My question is exactly similar to an earlier question Conditional on Gaussian, need clarification But I wasn't satisfied with the answer. I'll copy the problem statement :
I'm reading Andrew Ng's notes on machine learning, and on page 12 of this document, he makes a step in his proof that I'm trying to decipher:
Let $x=(1,x_1,x_2,⋯,x_n)^T$, a vector of variables, and $θ=(θ_0,θ_1,θ_2,⋯,θ_n)^T$, a vector of linear coefficients of those variables. Let's define $y$ as $$y_{i} = \theta^T x_{i} + \epsilon_i$$ where $\epsilon_i ∼ N(0, \sigma^2)$, that is $$p(\epsilon_i) = \frac{1}{\sqrt{2\pi\sigma}}\text{exp}\bigg(-\frac{\epsilon_i^2}{2\sigma^2}\bigg)$$
Next line says the following about conditional probability of y given x and coefficients θ, which are treated as deterministic: $$p(y_i|x_i;θ) = \frac{1}{\sqrt{2\pi\sigma}}\text{exp}\bigg(-\frac{(y_i - \theta^T x_i)^2}{2\sigma^2}\bigg)$$ Can someone help me see how we get this conditional distribution?

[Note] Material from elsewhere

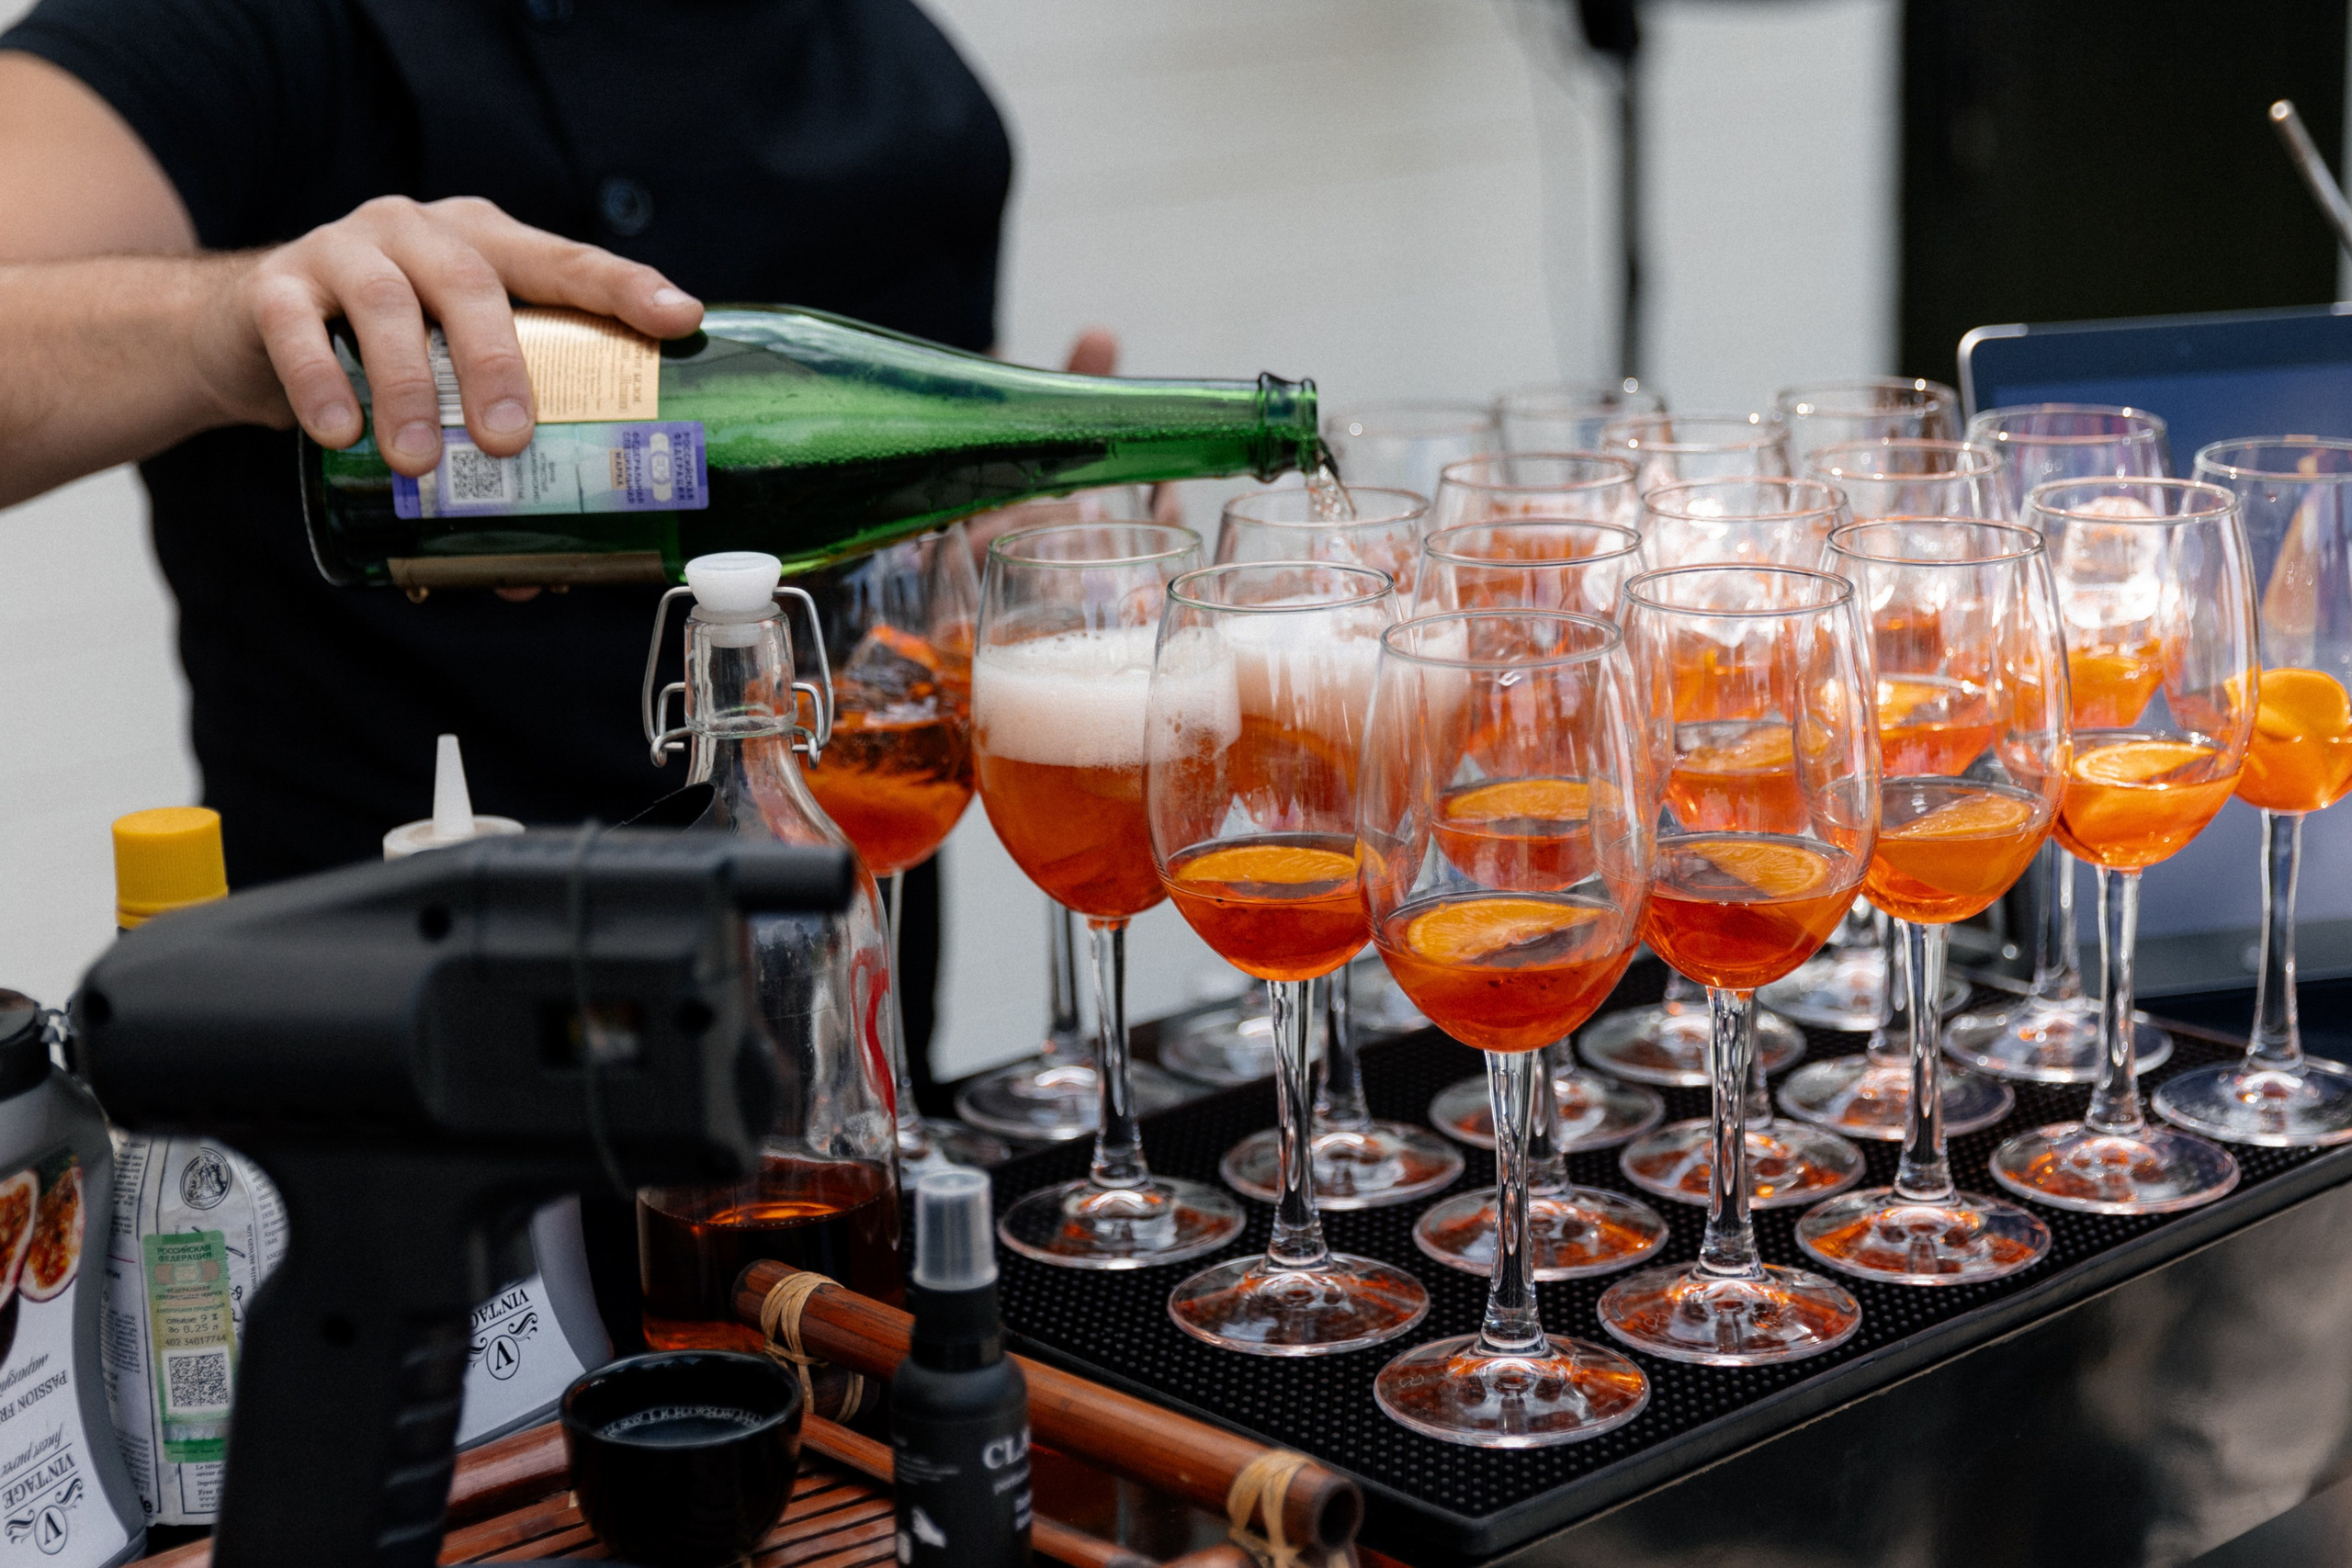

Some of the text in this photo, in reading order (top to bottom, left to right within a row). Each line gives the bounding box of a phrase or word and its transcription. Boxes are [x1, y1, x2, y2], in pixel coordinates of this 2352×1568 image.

Now I understand that since $\epsilon_i$ is drawn from a gaussian, y will itself be a random variable drawn from a gaussian.
But it $y_i$ is a random variable with mean $\theta^T x_i$, so does it mean we have m (number of training samples) different gaussians and we draw 1 data point from each of m different gaussians and do a maximum liklihood estimation for that single data set for each of m gaussians, because this seems sort of unintuitive.
And also this only proves that $y_i$ is a gaussian not $y_i|x_i$. I dont understand why this has to hold?